I think Casa is still in the “grumbly” phase of this major infrastructure project, because I’ve rarely seen much enthusiasm from Casaouis about the new Tramway, scheduled to be finished on 11/11/2011. One friend told me that the project is sometimes jokingly referred to as the “trabway.” “Trab” means dirt, which is all that we see so far of the tramway project.

A rep from Casa Tramway says that the company did a lot of outreach, both to take into account the public’s input and to let them know about the project once it was underway–where to park, how to drive around the blocked streets, etc–but having never heard of any of this from anyone else I’m skeptical about the efficacy of their outreach… (although a very cute animated tram popped up today on their website to give tips on avoiding roads under construction)

It’s hard to imagine how a city will look like, and feel, and function, once a project like this is completed, but here in Morocco Casablanca will not the guinea pig. Rabat, just an hour away, is very close to offering tram service to the public. Right now the system is up and running, but only on a testing basis. What a tease…

In my very unscientific poll of taxi drivers in Rabat, I’ve found that there are some mixed, but generally positive, feelings about the tramway. The construction and newly narrowed boulevards have caused some traffic headaches, I’m sure, but at least the project has taken shape. And compared to the mess that is downtown Casa right now, boy does Rabat look sleak and sexy. Check out the “zellige” (mosaic) motif on the trams.



Filed under Casablanca, Morocco, Rabat region, Transportation development, urban development, Urban Morocco

3rd Annual US-Arab Cities Forum

In 2008, Chicago Mayor Daley launched the US-Arab Cities Forum in partnership with the mayors of two of Chicago’s sister cities, Amman (Jordan) and Casablanca. The stated purpose of the event, attended by mayors from American and Arab cities, was to build city-to-city relationships between the two regions at a time (ongoing) when many people see a “clash of civilizations.”

At this year’s forum, hosted by the City of Casablanca and co-organized by Sister-Cities Casablanca-Chicago Association, about two dozen city leaders from the US, Morocco, Jordan, Mauritania, Somalia, Palestine, and Saudi Arabia met for two days in downtown Casablanca.

As a volunteer at Casa-Chicago I played a limited role in helping to put together the event. Mayor of Casablanca Mohamed Sajid now recognizes me as “the woman who does translations” rather than “that person who accosted me at a party once.” As a volunteer I got to enjoy some really nice perks, like the privilege of chatting with mayors about their cities and a continental breakfast during every day of the event. Yum.

And I got to talk Chicago with Mayor Daley, which was definitely the high point of my week.

It was a thrill to be immersed in a days-long conversation about cities, urban development, and exchange between the US and the Arab world.
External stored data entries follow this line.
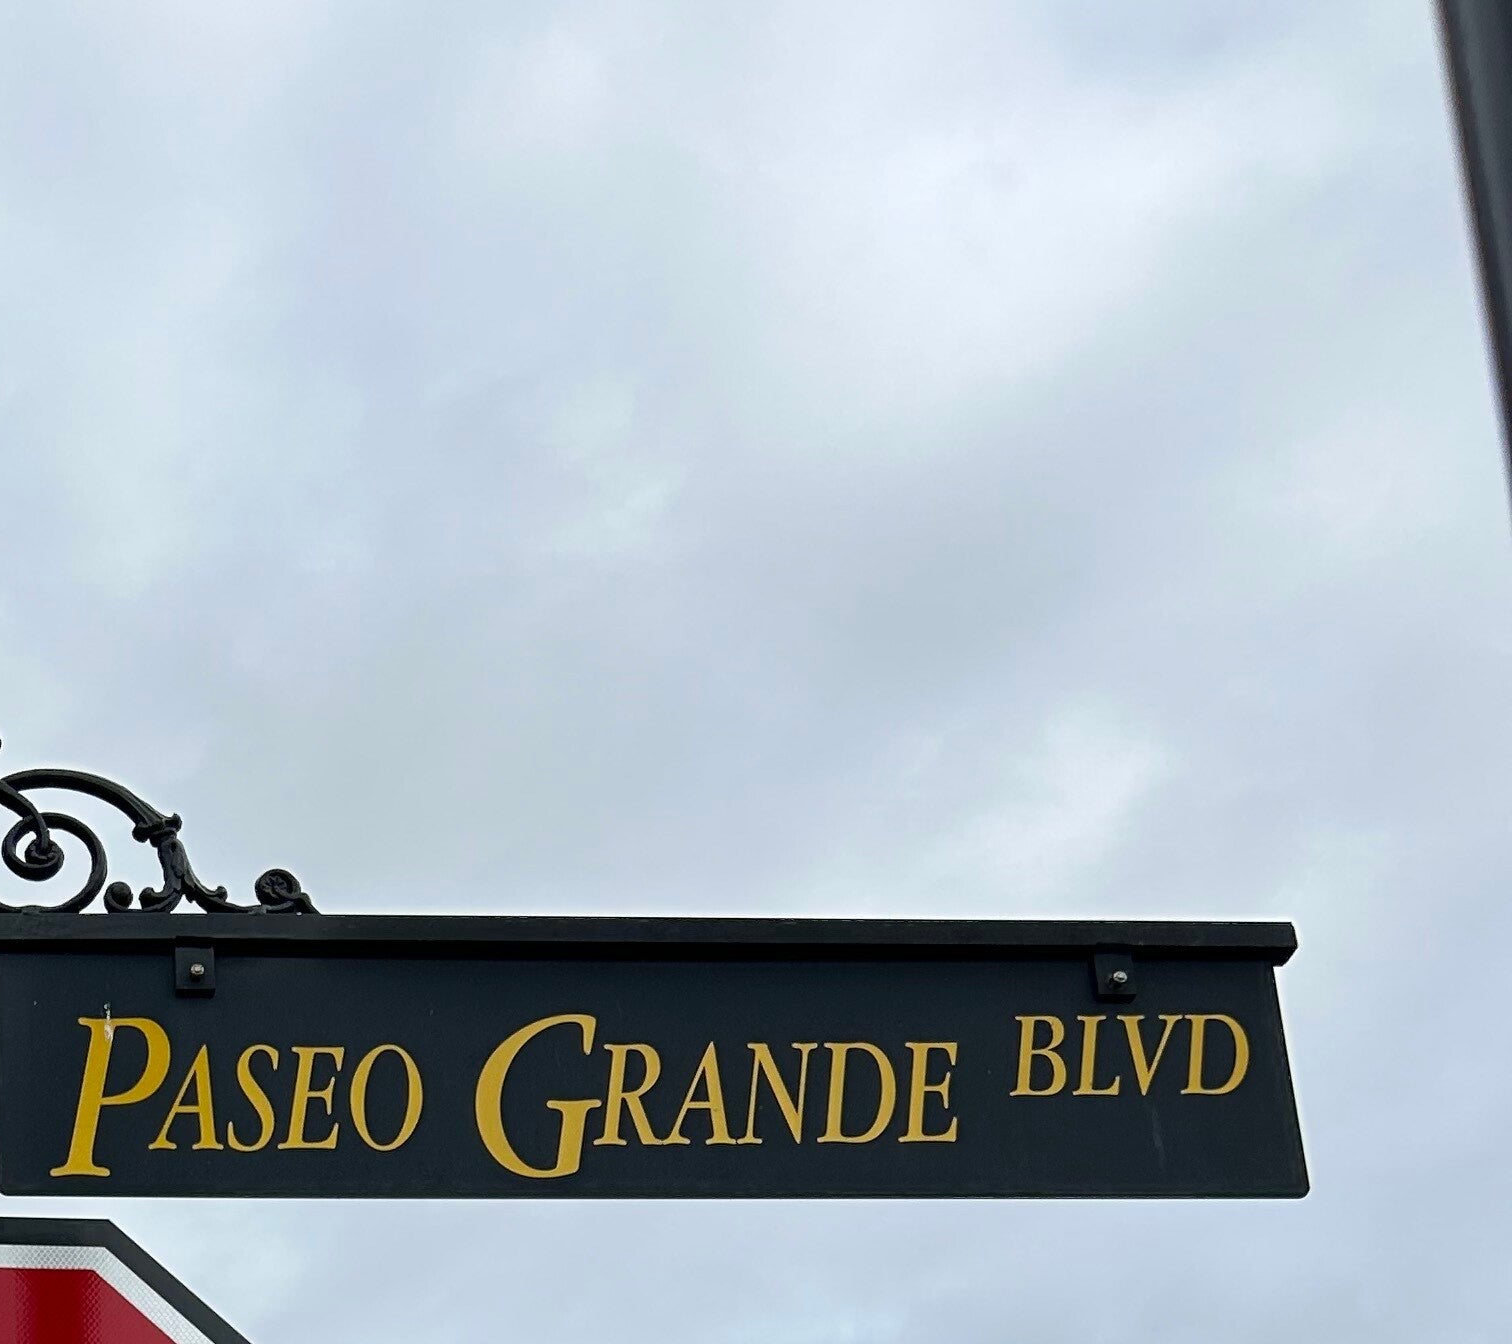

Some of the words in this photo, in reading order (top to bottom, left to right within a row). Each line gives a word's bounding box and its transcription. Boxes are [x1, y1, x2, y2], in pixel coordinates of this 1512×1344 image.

[50, 1014, 425, 1177] PASEO
[474, 1013, 958, 1178] GRANDE
[1009, 1013, 1251, 1096] BLVD
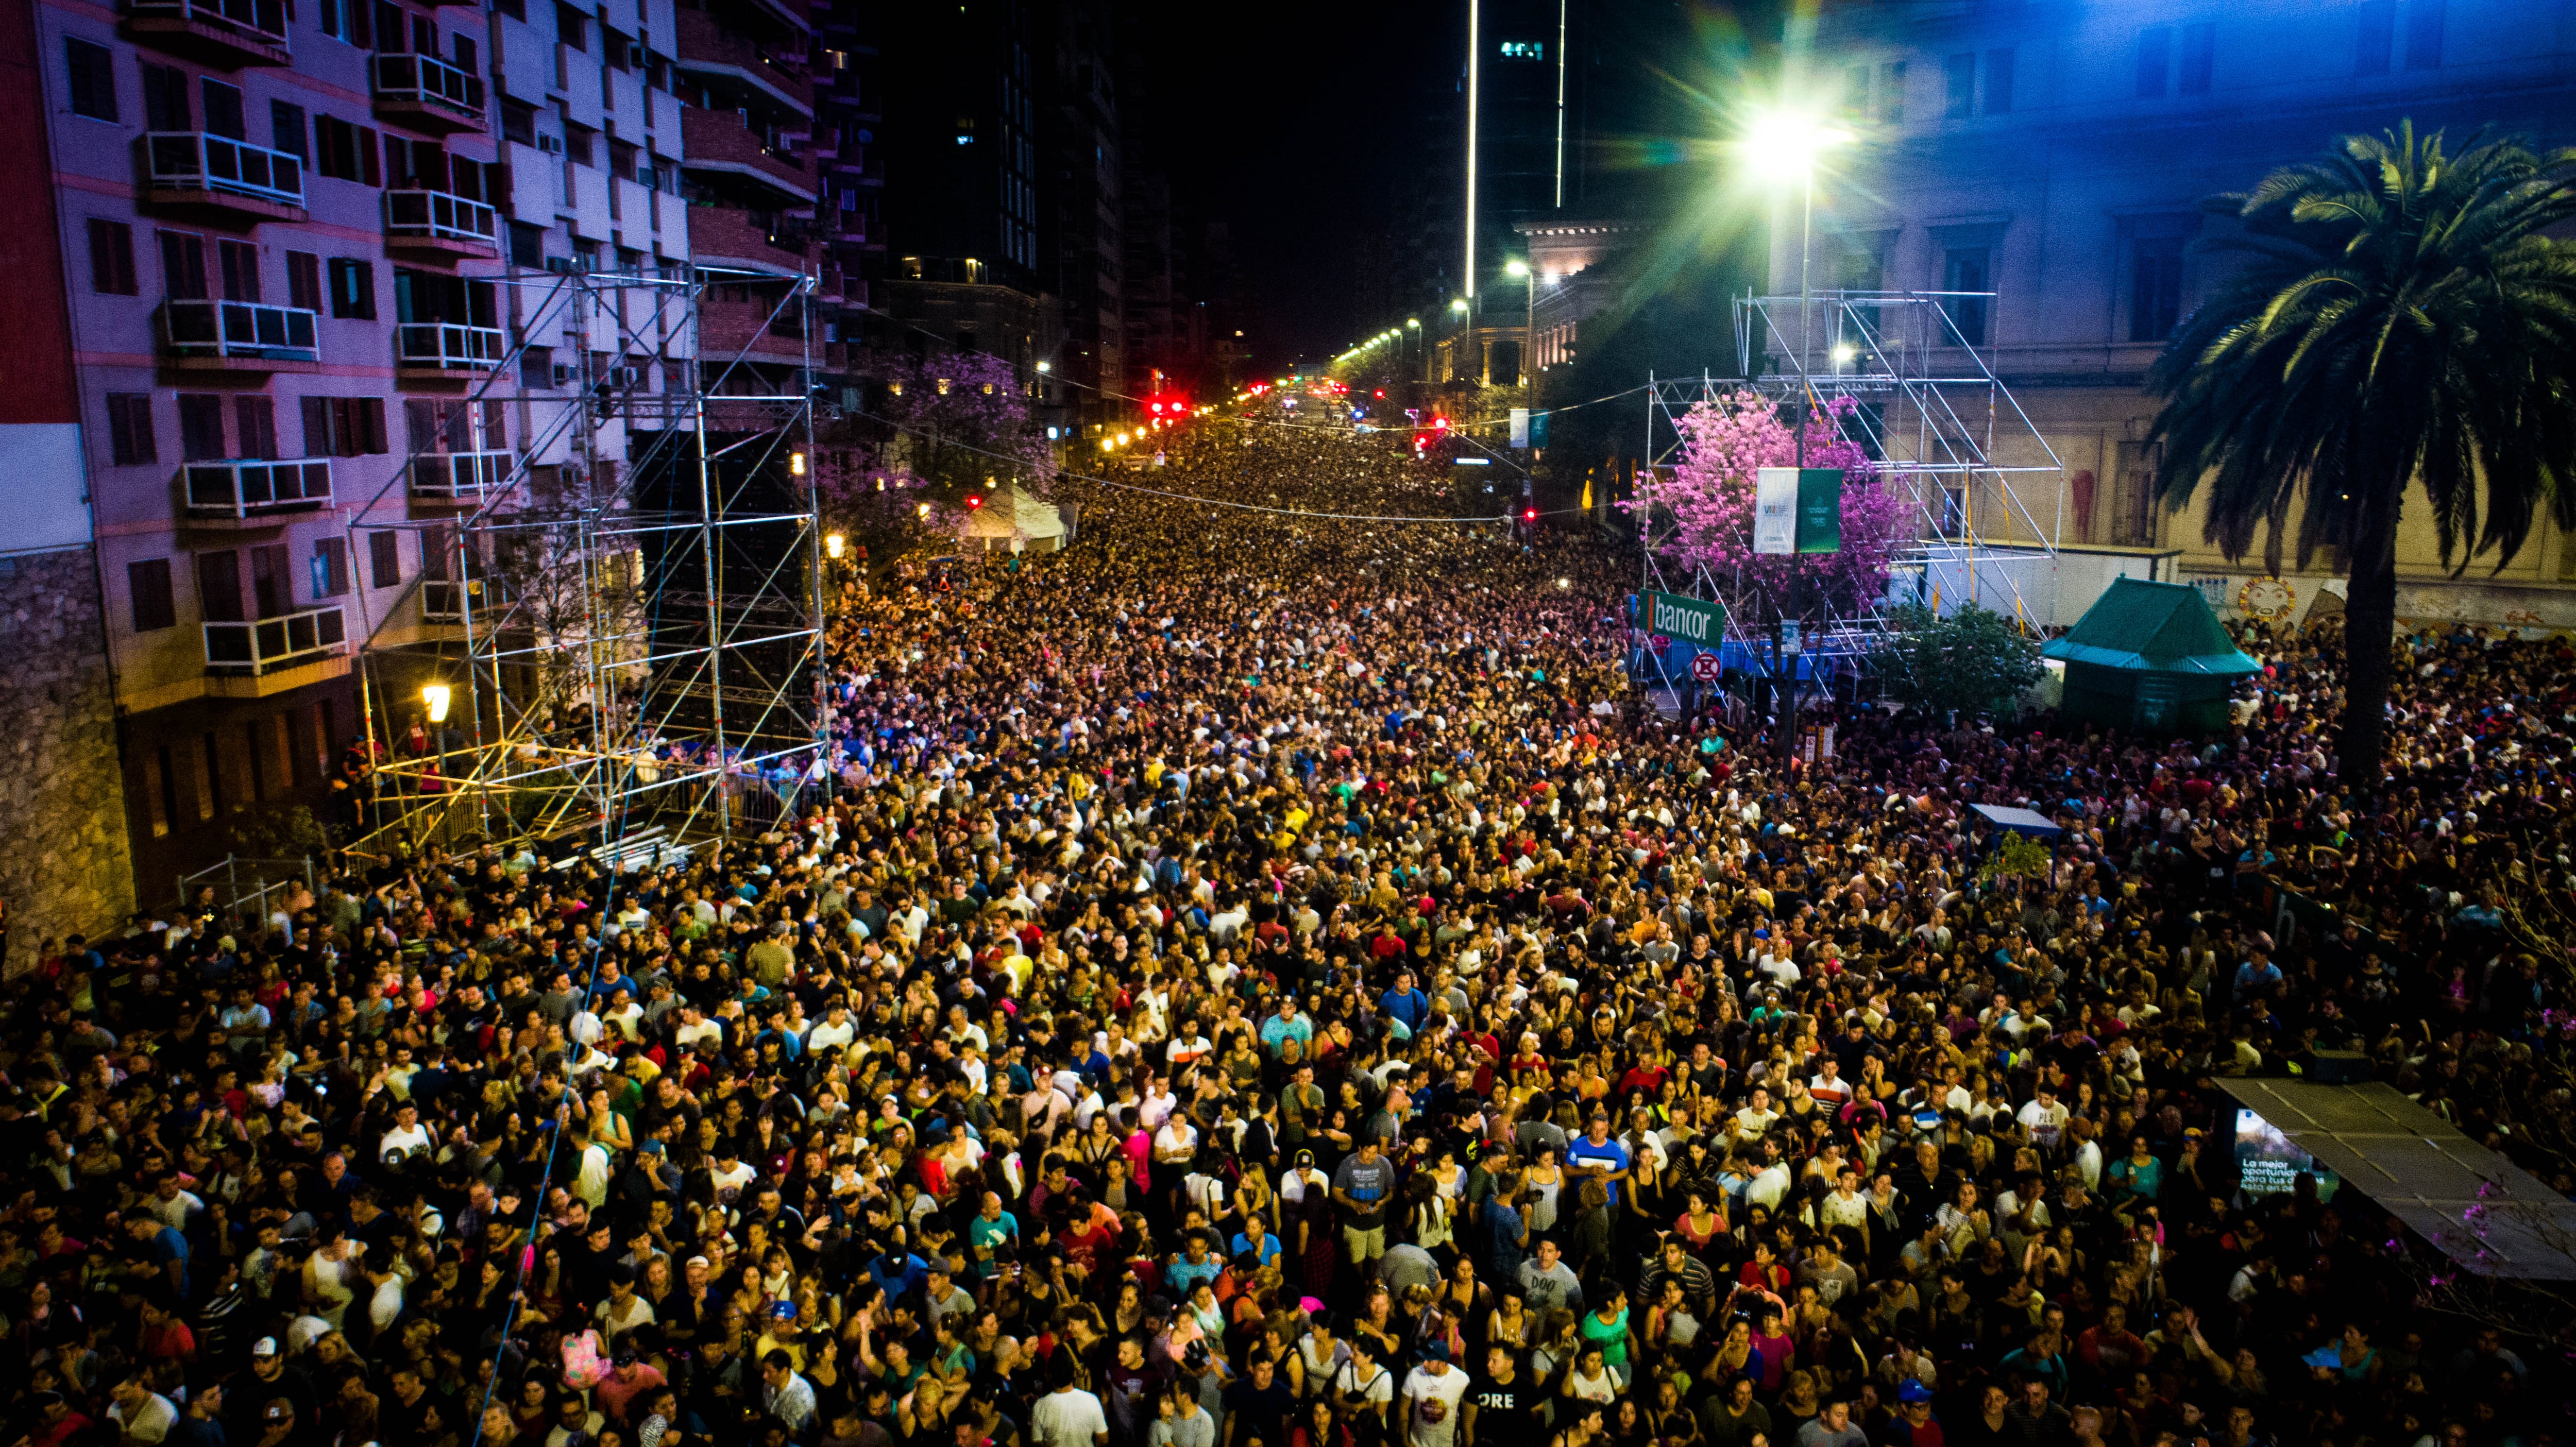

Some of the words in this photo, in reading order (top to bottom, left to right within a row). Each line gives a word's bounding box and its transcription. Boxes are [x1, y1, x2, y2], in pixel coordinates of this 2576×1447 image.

[1655, 595, 1710, 640] bancor
[2243, 1158, 2257, 1168] La
[2259, 1160, 2289, 1170] mejor
[2268, 1176, 2285, 1184] tus
I also got to get a visiting dignitaries’ perspective of Casablanca: tours of the Hassan II mosque and Art Deco architecture in downtown Casa, lunch at the top of a skyscraper with panoramic view of the city, dinner as a guest of the king in one of his palaces (though he wasn’t there).
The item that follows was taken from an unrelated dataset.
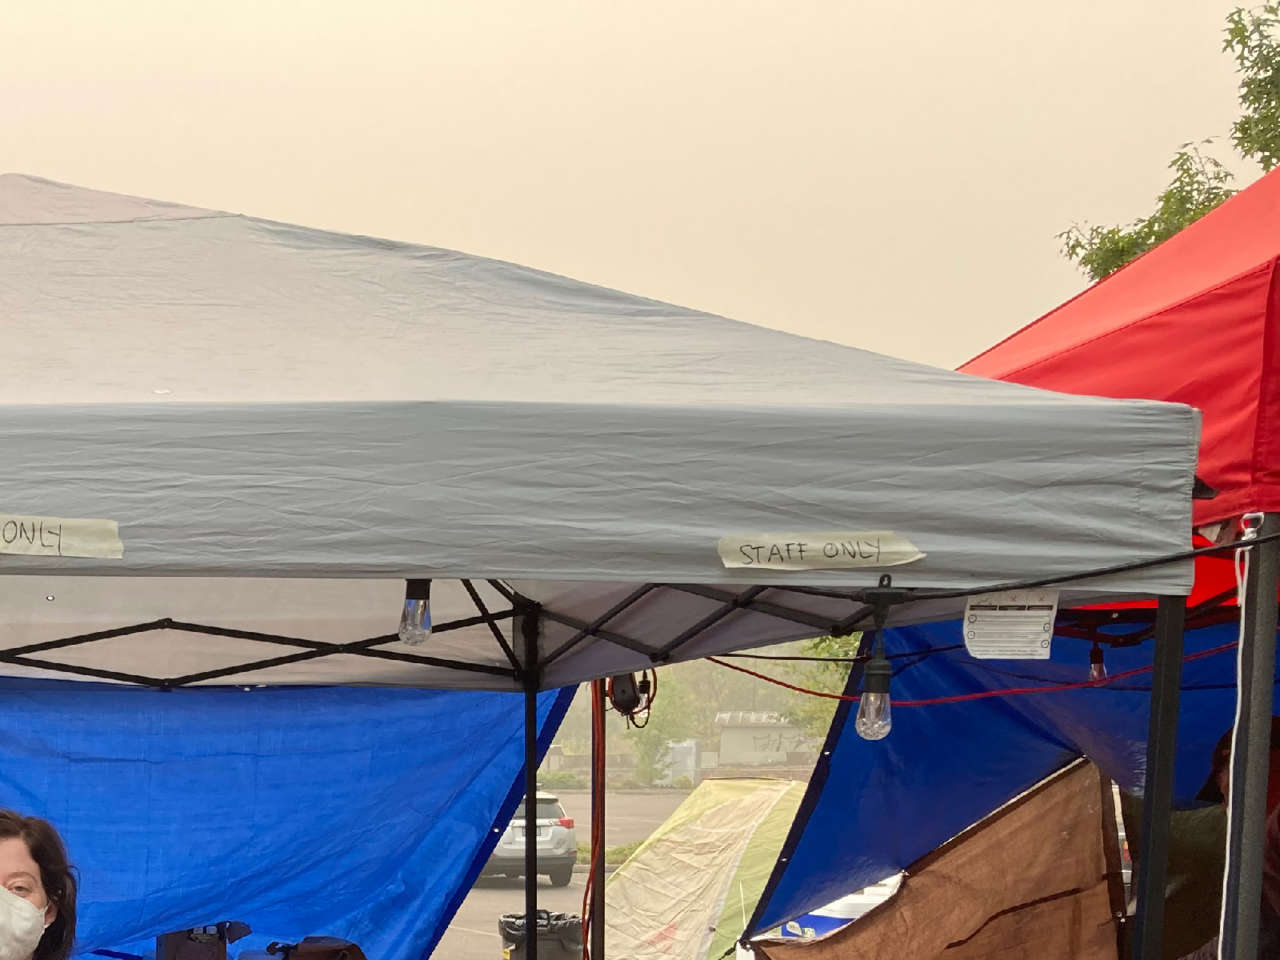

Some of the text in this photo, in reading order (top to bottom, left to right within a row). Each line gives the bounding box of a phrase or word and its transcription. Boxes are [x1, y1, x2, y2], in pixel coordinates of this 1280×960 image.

I’m exhausted now, and way behind on my schoolwork, but I have renewed excitement about this city. While I experience Casablanca every day as a student, commuter, pedestrian, foreigner, woman, café patron, shopper, etc., it’s fascinating to get more of a bird’s eye view, and to tap into the perspective of those who are shaping this and other cities in the long term.

Although some mayors touched on concrete projects in their cities, the event had more of a diplomatic feel than anything else. In the three workshops, which focused on cultural programming, technology, and gender, nothing much was said that couldn’t have been put out in a city hall press release. I wouldn’t say that those conversations were particularly academic. But then again, this was a conference of politicians.
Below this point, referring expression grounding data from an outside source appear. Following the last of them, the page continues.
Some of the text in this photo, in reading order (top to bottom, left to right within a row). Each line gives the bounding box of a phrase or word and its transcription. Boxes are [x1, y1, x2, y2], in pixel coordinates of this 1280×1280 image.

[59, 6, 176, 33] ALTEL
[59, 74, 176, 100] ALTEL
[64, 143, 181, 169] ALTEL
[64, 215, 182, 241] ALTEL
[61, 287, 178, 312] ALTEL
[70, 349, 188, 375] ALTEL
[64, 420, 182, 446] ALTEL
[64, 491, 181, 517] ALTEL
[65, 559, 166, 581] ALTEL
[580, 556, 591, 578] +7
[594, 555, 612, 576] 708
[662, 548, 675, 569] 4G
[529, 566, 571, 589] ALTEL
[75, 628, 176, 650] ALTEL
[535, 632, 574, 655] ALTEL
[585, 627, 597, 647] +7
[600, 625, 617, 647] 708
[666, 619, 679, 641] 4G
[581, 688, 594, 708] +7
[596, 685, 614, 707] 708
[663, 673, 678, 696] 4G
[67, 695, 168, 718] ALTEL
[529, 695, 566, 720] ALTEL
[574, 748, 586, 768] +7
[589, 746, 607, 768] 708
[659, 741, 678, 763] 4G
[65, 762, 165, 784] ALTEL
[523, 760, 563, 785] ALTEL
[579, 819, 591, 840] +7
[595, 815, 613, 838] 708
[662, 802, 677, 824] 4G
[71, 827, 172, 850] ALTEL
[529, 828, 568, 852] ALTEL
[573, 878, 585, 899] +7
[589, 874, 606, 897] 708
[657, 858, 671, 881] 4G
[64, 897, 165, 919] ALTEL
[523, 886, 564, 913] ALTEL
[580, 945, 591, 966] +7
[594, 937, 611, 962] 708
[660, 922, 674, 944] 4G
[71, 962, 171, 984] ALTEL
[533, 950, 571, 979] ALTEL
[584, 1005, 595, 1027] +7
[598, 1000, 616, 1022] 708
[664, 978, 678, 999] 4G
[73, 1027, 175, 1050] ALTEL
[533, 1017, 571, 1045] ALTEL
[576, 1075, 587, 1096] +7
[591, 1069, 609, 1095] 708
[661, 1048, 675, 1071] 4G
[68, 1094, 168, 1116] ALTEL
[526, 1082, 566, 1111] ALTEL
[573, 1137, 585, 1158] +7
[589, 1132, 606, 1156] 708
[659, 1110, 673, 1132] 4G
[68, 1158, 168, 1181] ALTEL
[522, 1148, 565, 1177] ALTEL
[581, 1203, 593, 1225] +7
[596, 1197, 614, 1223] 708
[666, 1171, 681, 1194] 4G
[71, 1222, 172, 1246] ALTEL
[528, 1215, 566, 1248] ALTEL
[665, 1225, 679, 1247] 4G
As for press coverage of the event in Chicago, it’s all quiet on the western front. There’s just mention of Daley’s visit in an article criticizing Daley for traveling. There was also no coverage at all of the first forum held in Chicago in 2008.


Filed under Casablanca, Chicago, Middle East, Sister Cities, urban development, Urban Morocco

Who’s to blame for last week’s flooding?

A week after major flooding around the country but especially in Casablanca, even Le Matin is critical of the city’s and the Wilaya’s (county, kind of?) “non-strategy” in the face of natural disaster.

Mayor Sajid continues to say not only that the city couldn’t have prepared for last week’s flooding, but that a plan cannot be put in place: “We can’t anticipate these kinds of situations.” (“On ne peut pas se projeter dans des situations pareilles.”)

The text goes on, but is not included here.